§ **Your task**: Although the entries contain pictures, repeat only their words, exactly as written.

-------- Data for review --------

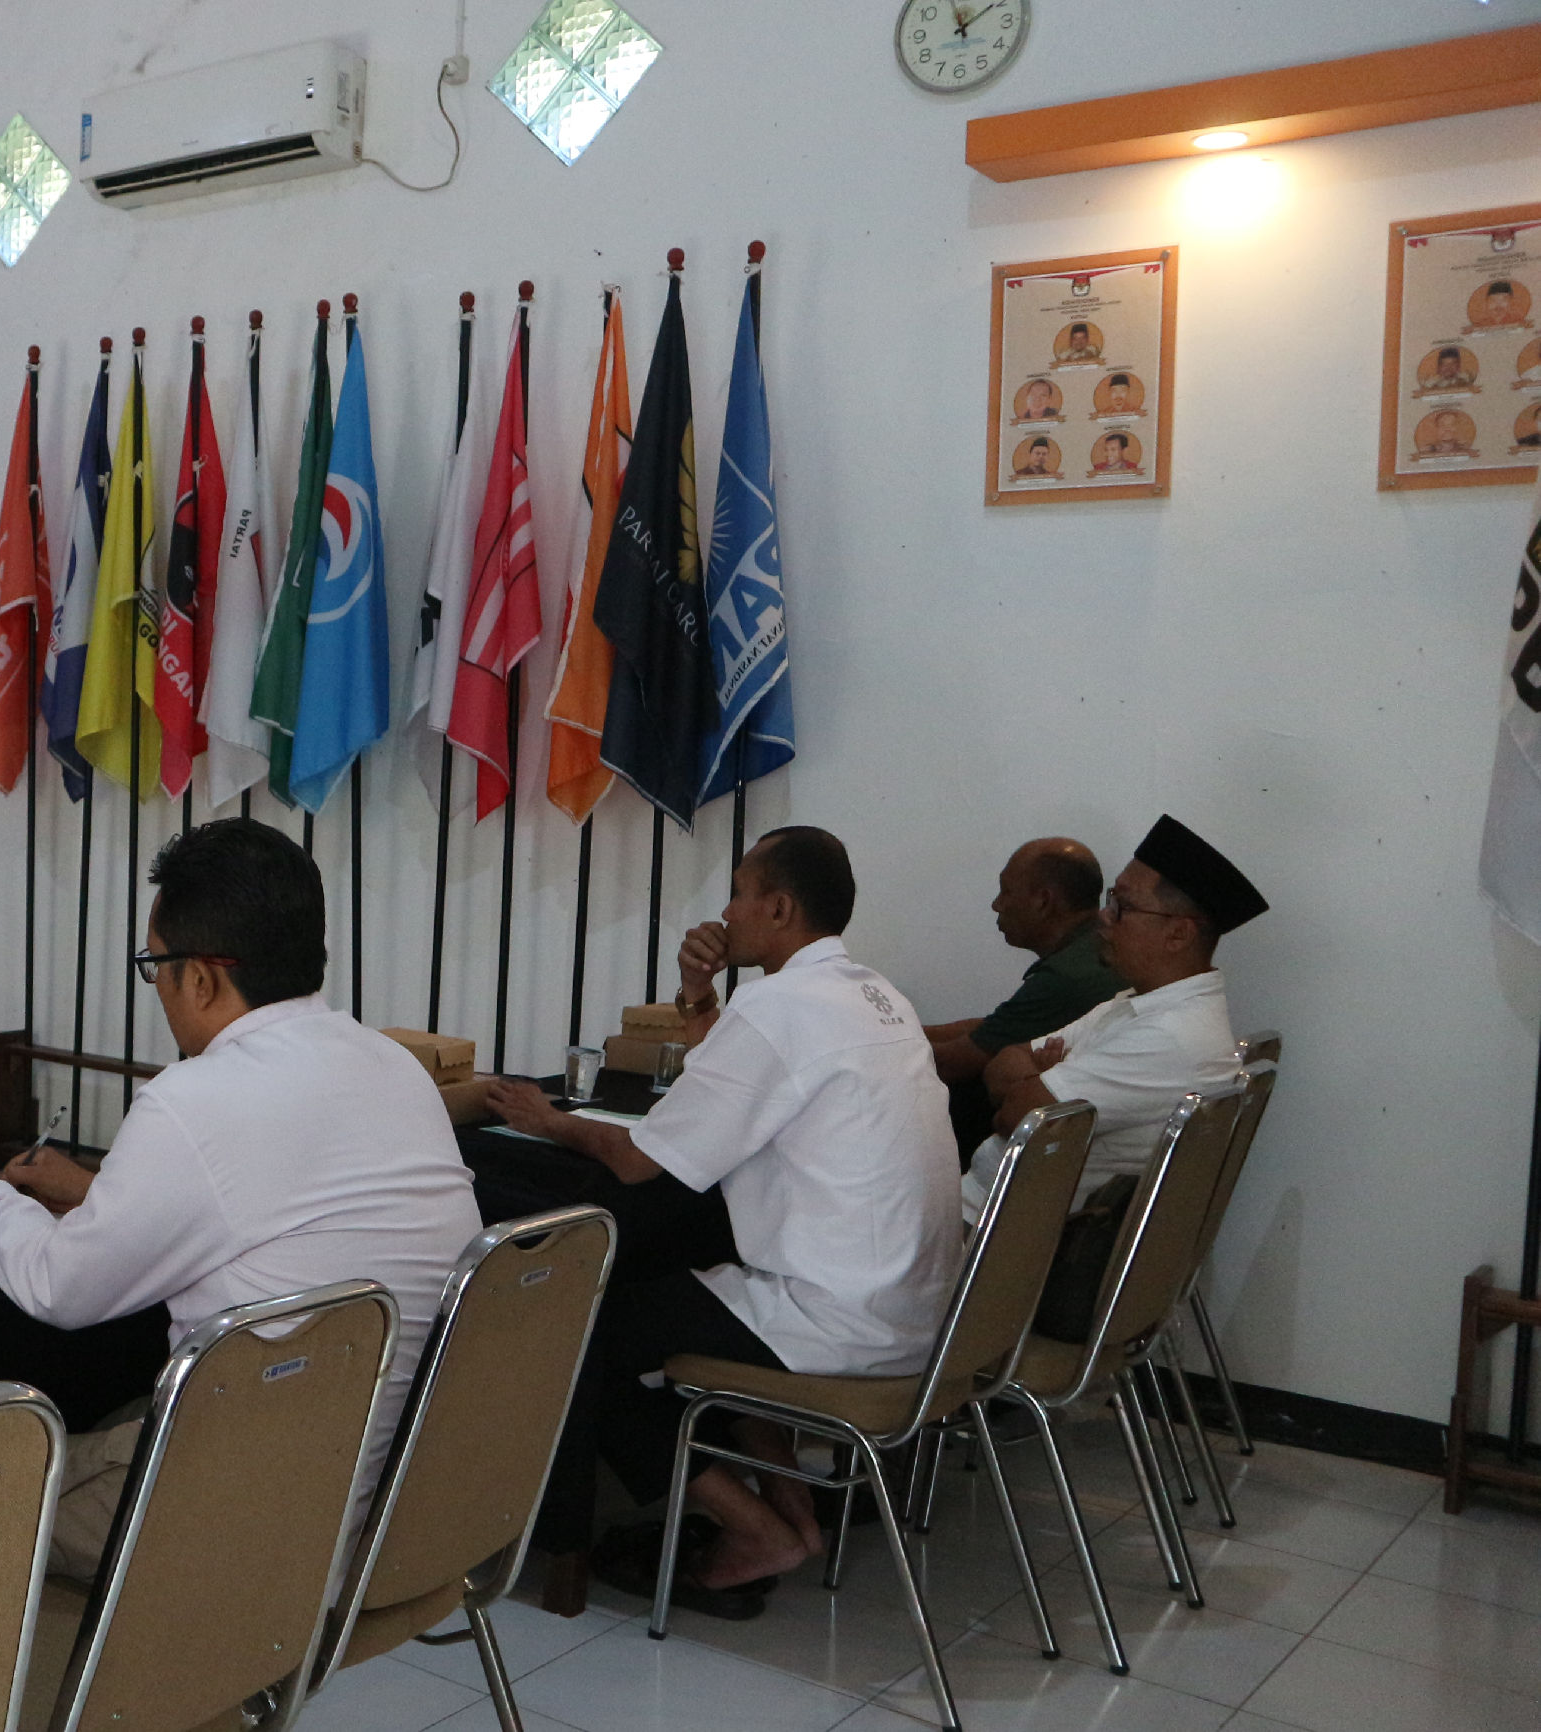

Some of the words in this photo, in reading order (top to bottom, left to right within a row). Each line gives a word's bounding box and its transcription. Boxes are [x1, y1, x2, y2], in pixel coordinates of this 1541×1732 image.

[921, 6, 938, 22] 10
[1000, 13, 1013, 29] 3
[913, 29, 926, 44] 9
[992, 36, 1005, 50] 4
[919, 48, 931, 63] 8
[976, 54, 988, 70] 5
[934, 61, 946, 76] 7
[953, 64, 966, 79] 6
[618, 505, 670, 585] PARAI

--------

§ **Result of the task**:
Some of the words in this photo, in reading order (top to bottom, left to right within a row). Each line gives a word's bounding box and its transcription. Boxes are [x1, y1, x2, y2], in pixel coordinates of this 1541×1732 image.

[921, 6, 938, 22] 10
[1000, 13, 1013, 29] 3
[913, 29, 926, 44] 9
[992, 36, 1005, 50] 4
[919, 48, 931, 63] 8
[976, 54, 988, 70] 5
[934, 61, 946, 76] 7
[953, 64, 966, 79] 6
[618, 505, 670, 585] PARAI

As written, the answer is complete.